=== Section Start ===

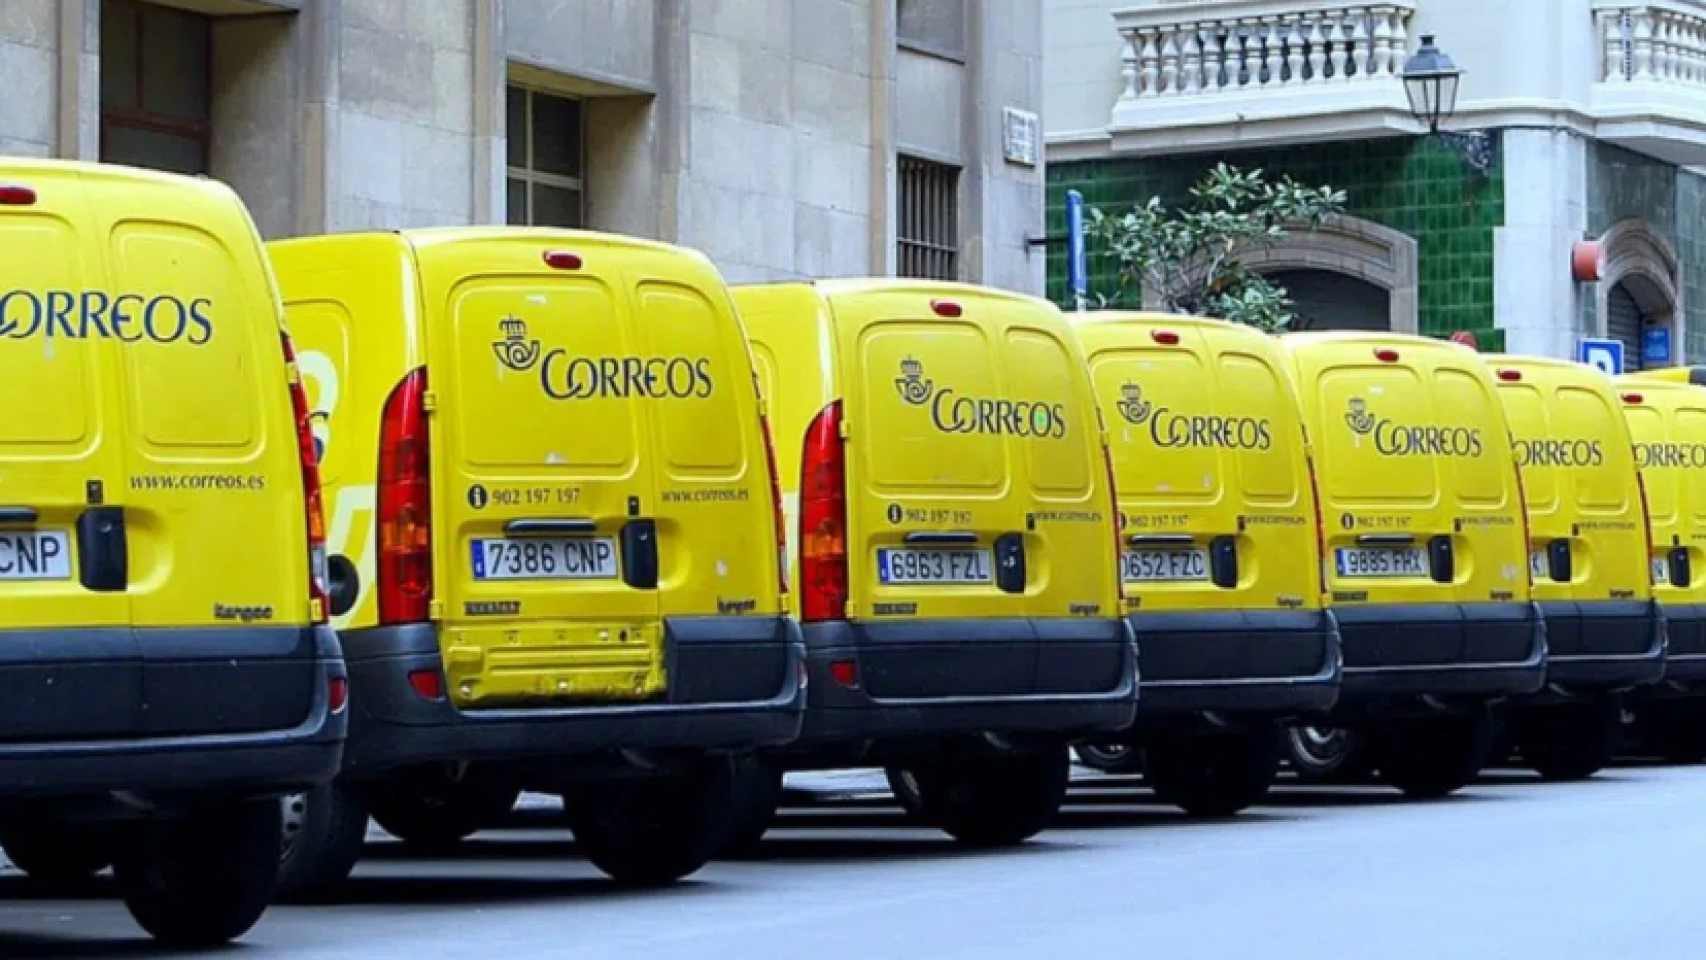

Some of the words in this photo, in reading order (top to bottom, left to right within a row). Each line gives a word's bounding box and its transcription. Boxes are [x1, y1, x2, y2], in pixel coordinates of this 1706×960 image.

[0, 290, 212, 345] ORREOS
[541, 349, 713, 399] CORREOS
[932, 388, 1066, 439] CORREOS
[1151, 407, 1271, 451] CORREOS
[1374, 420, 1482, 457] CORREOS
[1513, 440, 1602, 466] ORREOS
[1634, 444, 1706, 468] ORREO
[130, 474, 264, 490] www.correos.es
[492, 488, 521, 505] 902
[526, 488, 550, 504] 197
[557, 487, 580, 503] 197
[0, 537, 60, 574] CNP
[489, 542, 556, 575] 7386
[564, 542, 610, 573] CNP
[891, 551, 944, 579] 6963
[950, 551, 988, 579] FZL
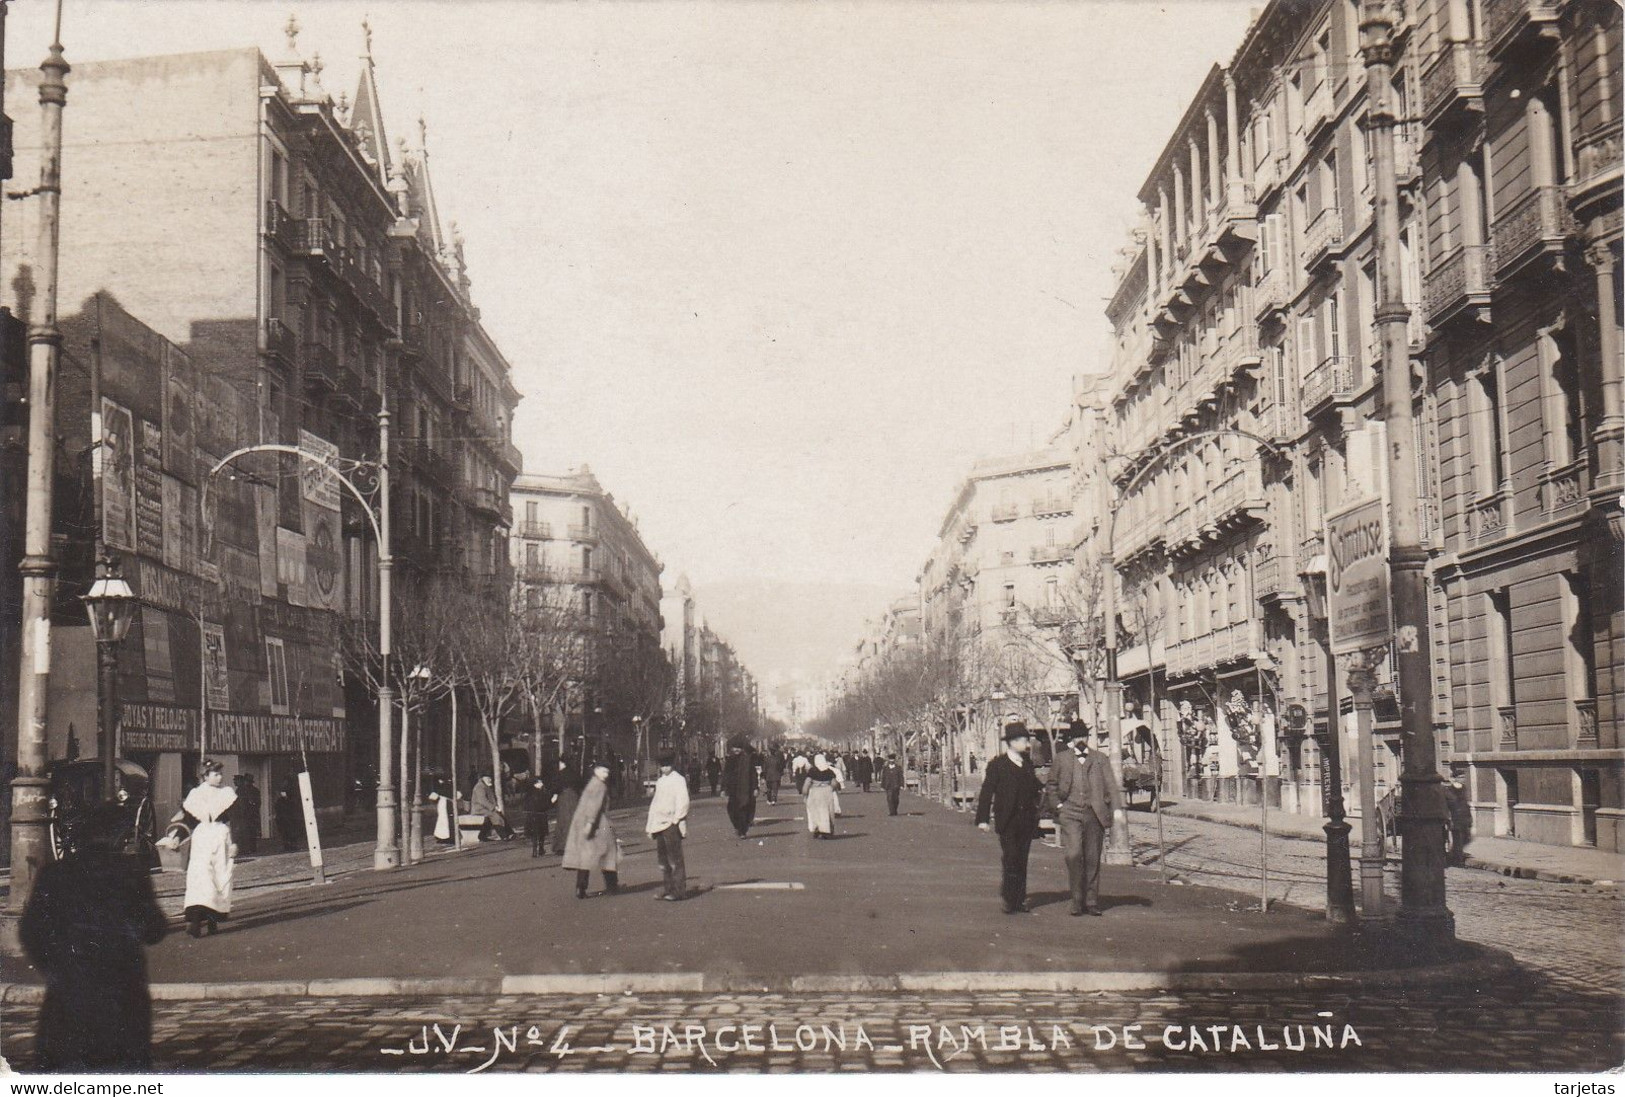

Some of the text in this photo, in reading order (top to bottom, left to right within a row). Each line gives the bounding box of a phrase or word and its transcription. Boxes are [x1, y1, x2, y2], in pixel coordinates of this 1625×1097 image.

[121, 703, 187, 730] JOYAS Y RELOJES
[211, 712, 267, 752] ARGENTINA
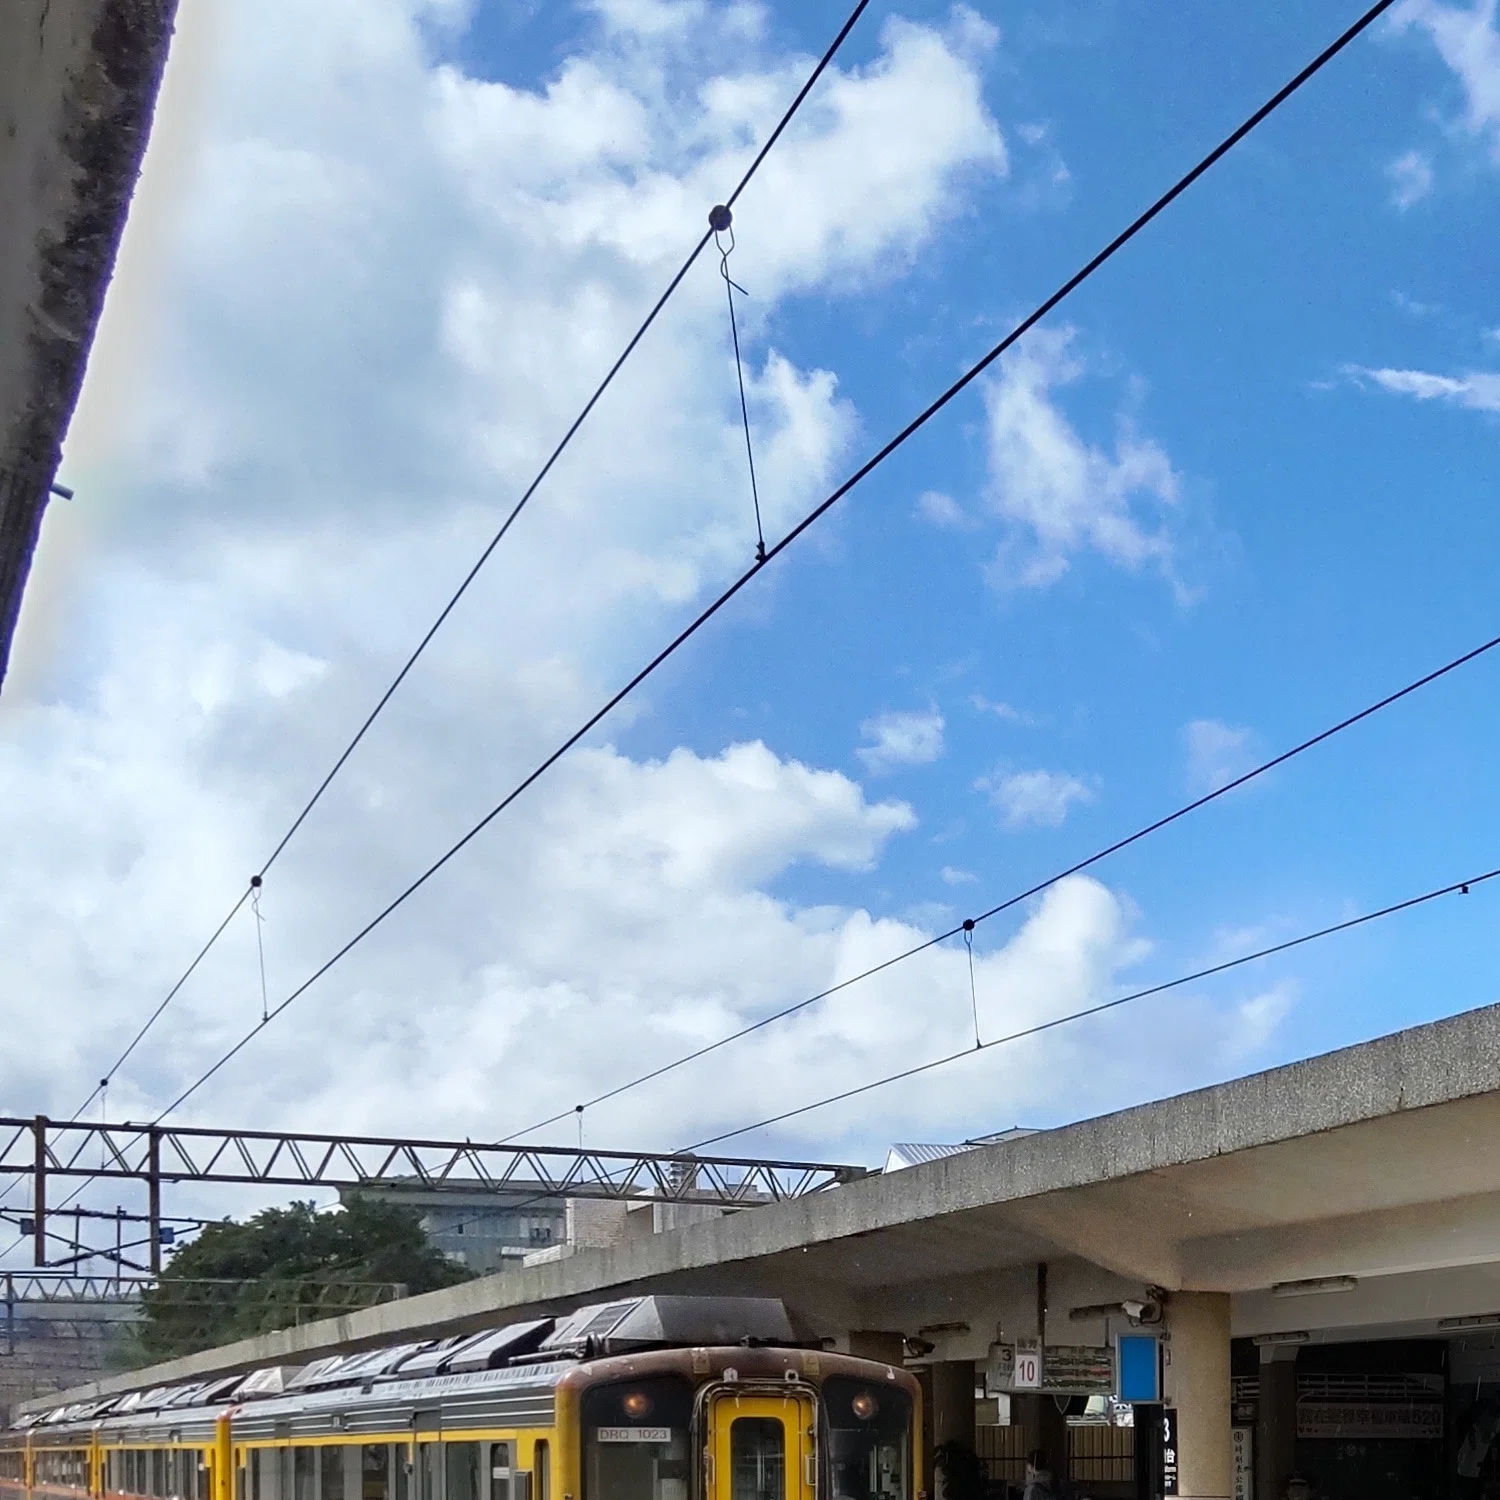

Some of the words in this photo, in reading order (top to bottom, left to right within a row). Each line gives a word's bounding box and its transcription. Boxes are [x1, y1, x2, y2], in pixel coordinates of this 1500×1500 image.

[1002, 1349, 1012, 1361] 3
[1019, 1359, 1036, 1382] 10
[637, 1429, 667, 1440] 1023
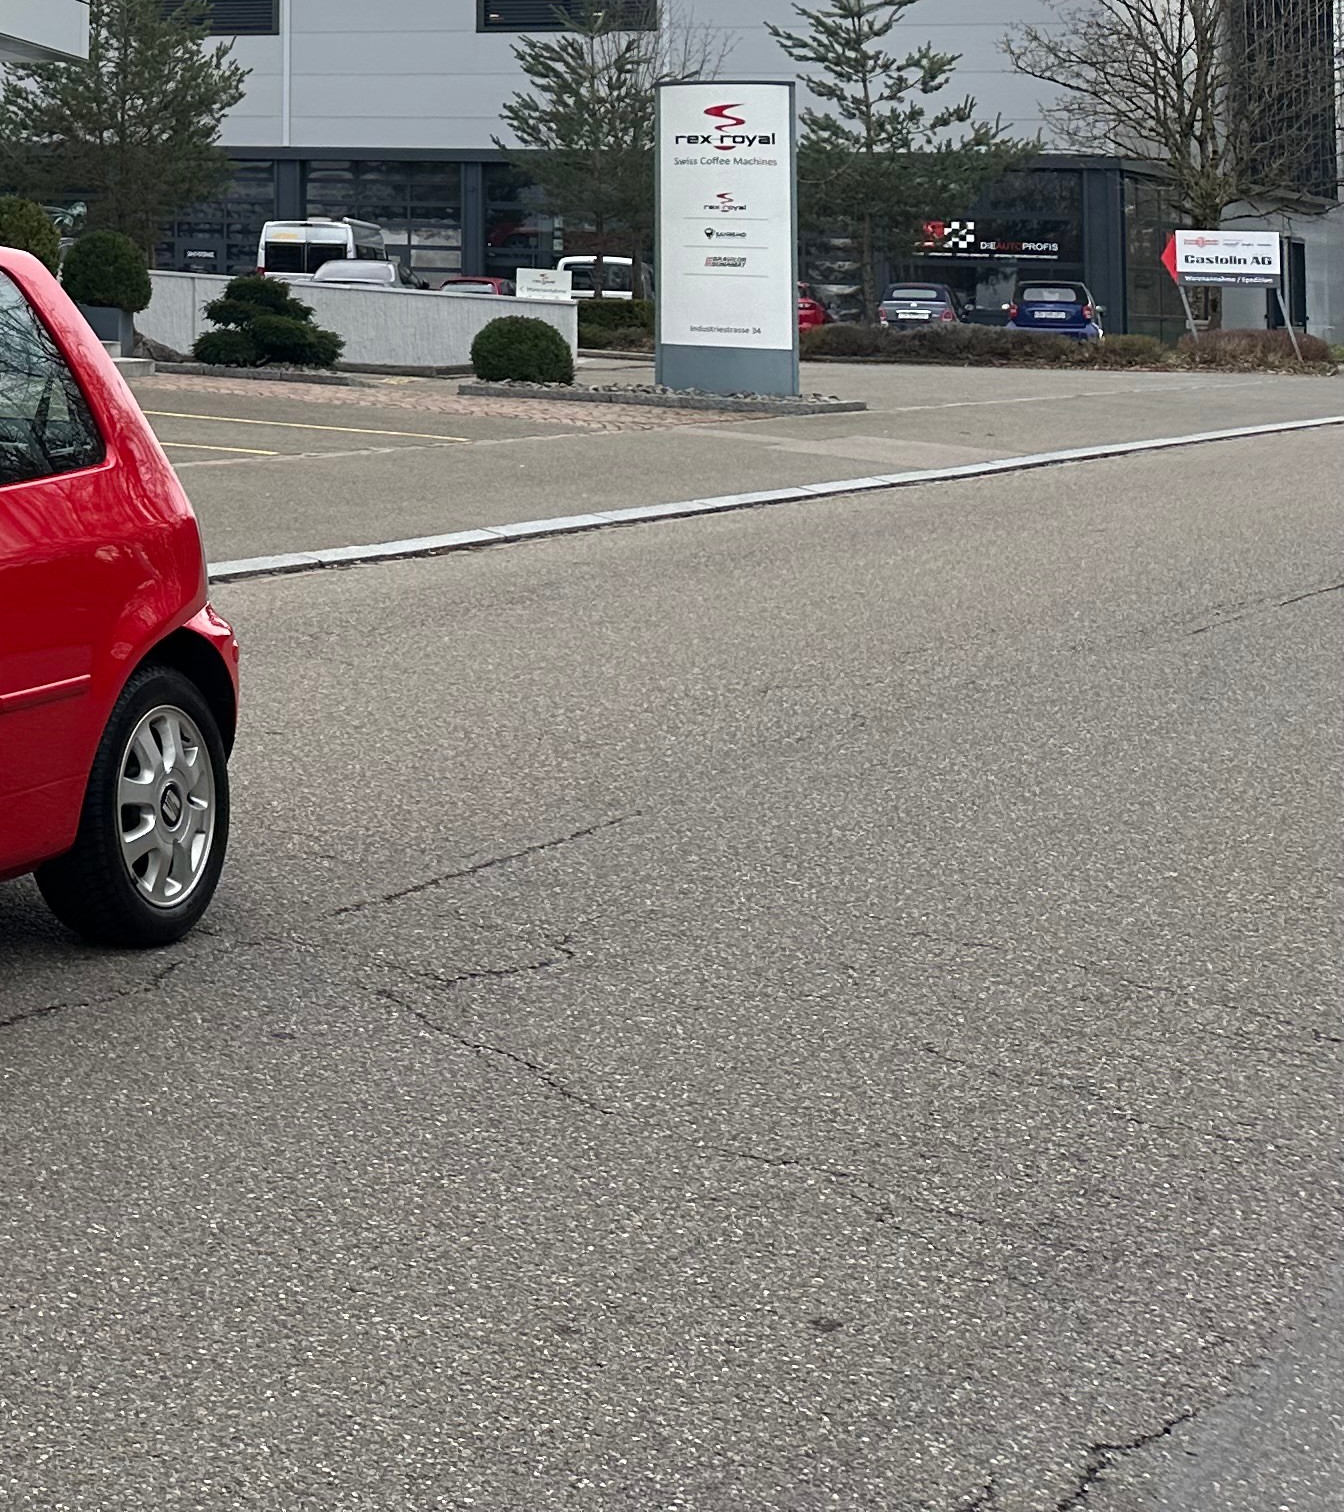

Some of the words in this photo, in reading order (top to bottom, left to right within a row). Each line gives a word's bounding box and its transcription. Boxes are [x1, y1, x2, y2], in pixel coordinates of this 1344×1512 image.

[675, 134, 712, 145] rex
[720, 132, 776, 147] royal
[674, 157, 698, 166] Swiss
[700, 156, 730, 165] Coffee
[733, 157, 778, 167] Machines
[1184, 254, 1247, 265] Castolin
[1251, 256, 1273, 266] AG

=== Section End ===

:: TASK ::
Your response should reproduce the entire listing verbatim, minus the pictures.

:: ANSWER TO THIS TASK ::
Some of the words in this photo, in reading order (top to bottom, left to right within a row). Each line gives a word's bounding box and its transcription. Boxes are [x1, y1, x2, y2], in pixel coordinates of this 1706×960 image.

[0, 290, 212, 345] ORREOS
[541, 349, 713, 399] CORREOS
[932, 388, 1066, 439] CORREOS
[1151, 407, 1271, 451] CORREOS
[1374, 420, 1482, 457] CORREOS
[1513, 440, 1602, 466] ORREOS
[1634, 444, 1706, 468] ORREO
[130, 474, 264, 490] www.correos.es
[492, 488, 521, 505] 902
[526, 488, 550, 504] 197
[557, 487, 580, 503] 197
[0, 537, 60, 574] CNP
[489, 542, 556, 575] 7386
[564, 542, 610, 573] CNP
[891, 551, 944, 579] 6963
[950, 551, 988, 579] FZL

Some of the text in this photo, in reading order (top to bottom, left to right within a row). Each line gives the bounding box of a phrase or word and its transcription. Boxes are [x1, y1, x2, y2], in pixel coordinates of this 1625×1097 image.

[121, 703, 187, 730] JOYAS Y RELOJES
[211, 712, 267, 752] ARGENTINA

Some of the words in this photo, in reading order (top to bottom, left to right within a row). Each line gives a word's bounding box and its transcription. Boxes are [x1, y1, x2, y2], in pixel coordinates of this 1500×1500 image.

[1002, 1349, 1012, 1361] 3
[1019, 1359, 1036, 1382] 10
[637, 1429, 667, 1440] 1023

Some of the words in this photo, in reading order (top to bottom, left to right within a row). Each line gives a word's bounding box and its transcription. Boxes are [x1, y1, x2, y2], in pixel coordinates of this 1344×1512 image.

[675, 134, 712, 145] rex
[720, 132, 776, 147] royal
[674, 157, 698, 166] Swiss
[700, 156, 730, 165] Coffee
[733, 157, 778, 167] Machines
[1184, 254, 1247, 265] Castolin
[1251, 256, 1273, 266] AG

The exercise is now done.